I rather like reading and pondering about life’s origins.  It’s really interesting to me as a synthetic organic chemist to consider how the complex array of life came to exist from simple building blocks, and how the building blocks we have today arose from the generally-accepted conditions of early Earth at the time life began.  Perhaps we’ve all heard of the famous Miller-Urey experiment which attempted to recreate those conditions.  Methane, ammonia and hydrogen were circulated over boiling water.  Electrodes were introduced to mimic lightning.  After a time, the composition of the mixture was analyzed, and a number of amino acids were detected.

But did that really recreate the conditions of early Earth?

This paper includes some interesting conditions I hadn’t really thought about.  Consider: it is generally accepted that the reducing conditions of early Earth did not include significant amounts of oxygen.  But no oxygen means no ozone.  No ozone means no protection from high energy UV light.  This UV light perhaps provided a significant amount of energy to drive the early reactions.

Also consider: even as more (and more complex) molecules were created, the concentration of these molecules remained small – even if you allow that all of these molecules might be dissolved in the early oceans.  For these molecules to randomly collide and ultimately react to form polymers would be unlikely.  But the authors contend that perhaps, over time, those early molecules adhered to mineral-rich clay particles in the water.  The clay would serve to concentrate reagents, and the minerals (aluminum, iron, magnesium, calcium, sodium, and potassium being the most abundant) would serve to catalyze the early reactions.   Eventually, more complex molecules were synthesized.  The authors postulate that saccharides were among the first complex molecules to form in significant amounts.  But how?

Given that only the simplest molecules were present on early Earth, it is likely that formaldehyde was one of them present in non-trivial amounts.  Perhaps formaldehyde self-polymerizes on these clay surfaces to form small saccharides, which eventually undergo aldol condensation to more advanced hexoses and pentoses.  The authors argue this pathway for the formation of a number of monosaccharides on early Earth.  Note that in the cyclic isomer of glucose – β-D-glucopyranose (left) – all 5 substituents on the pyran ring are in the low-energy equatorial position (actually, the lowest-energy conformation of glucose is α-D-glucopyranose, where one of the -OH substituents is in the axial position. It is stabilized by what is known as the anomeric effect).  Perhaps it is not surprising that glucose is the most abundant organic compound on Earth today.

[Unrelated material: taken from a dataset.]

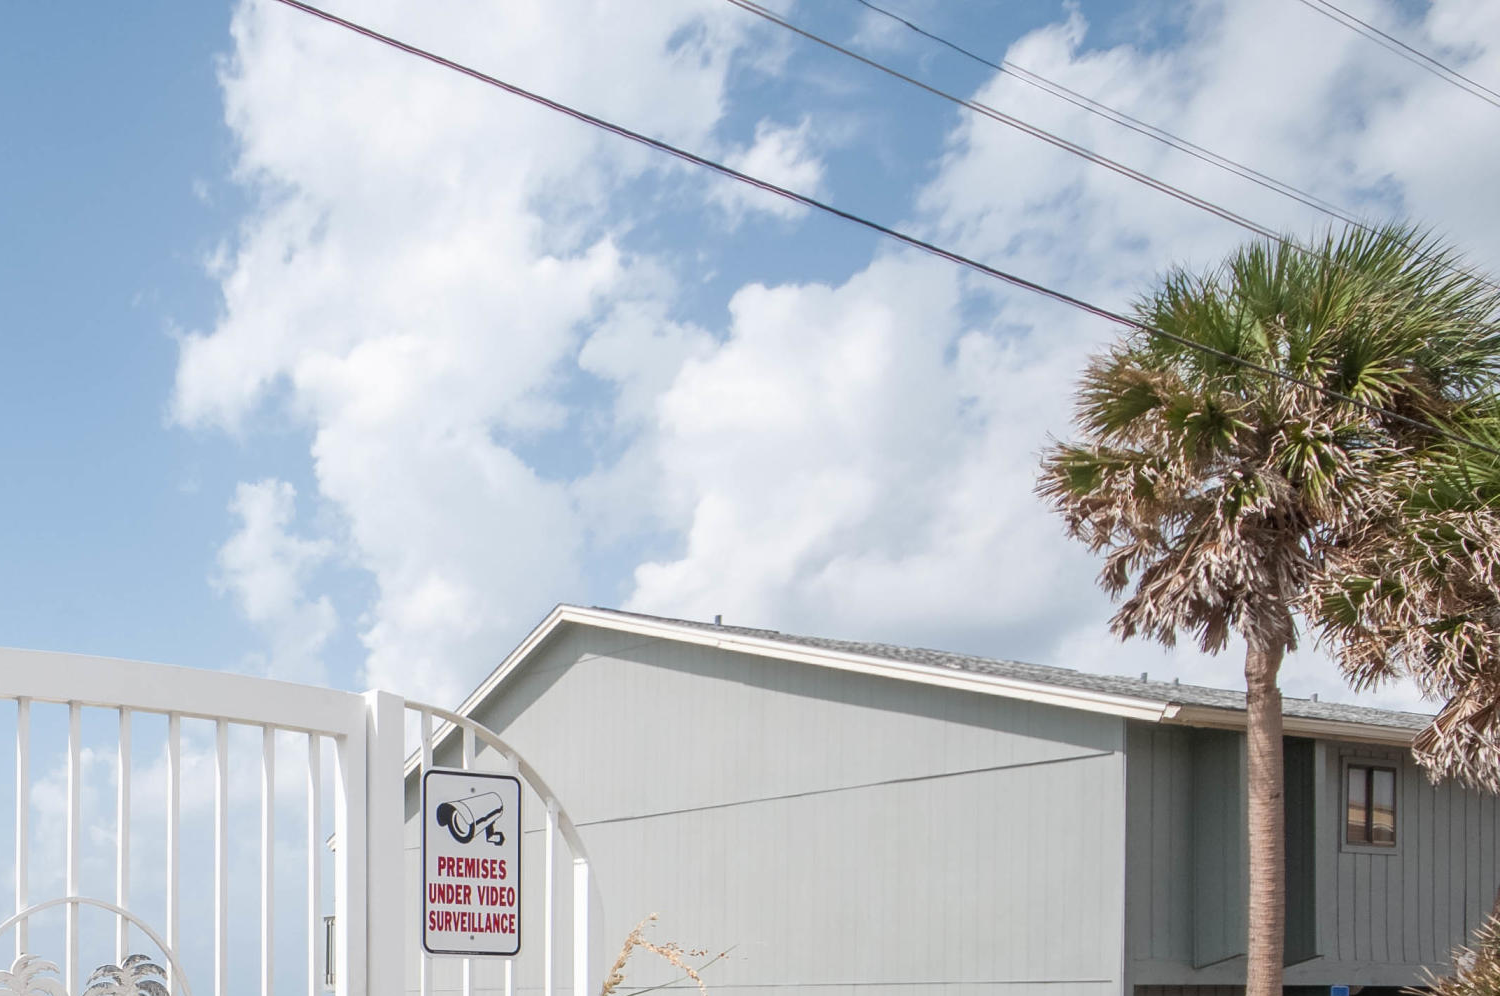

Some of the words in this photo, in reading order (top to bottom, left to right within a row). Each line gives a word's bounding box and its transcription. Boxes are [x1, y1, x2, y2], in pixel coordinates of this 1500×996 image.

[437, 856, 507, 880] PREMISES
[428, 883, 471, 905] UNDER
[477, 885, 515, 907] VIDEO
[428, 910, 516, 934] SURVEILLANCE

Additionally, assume the authors are correct that a carbohydrate polymer world existed as a precursor to the RNA and DNA/protein world.  This propensity for the newly-forming carbohydrates to favor stereoisomers which existed in low-energy cyclic forms could produce disproportionate amounts of glucose and other low-energy carbohydrates.  If these carbohydrates somehow formed the scaffold involved in the template for the mass production of the known amino acids, might it not be so coincidental that L-amino acids were created with near exclusivity?

It might also not be difficult to see how the carbohydrate polymers world gave way to an RNA world.  The authors suspect carbohydrates polymerized along with abundant phosphates to form longer chain polymers.  There are several possible polymers that can form, but one of them might have looked like RNA without the base pairs: a series of ribofuranose units linked together by phosphate groups (right, click for larger).  The highly oxidized purine and pyrimidine bases probably came about later than sugars.  When they did arrive, only a substitution was needed to create the first strands of RNA (below).

The authors continue to discuss how the first cells may have come to be and how the first unicellular organisms might have appeared, but I’ll let the curious reader find that out by reading the paper.  One issue that often comes up in talks of this nature is the creation/evolution issue (am I really going there in only my second post?) (Yes).  I’ll refrain from offering my take on that issue (maybe after we get to know each other a bit better…), but I will say that it is interesting that people often talk about the two issues as if they were two mutually exclusive options.  Are they?  Does the acceptance of one theory necessarily preclude the option of the other theory?  Discuss.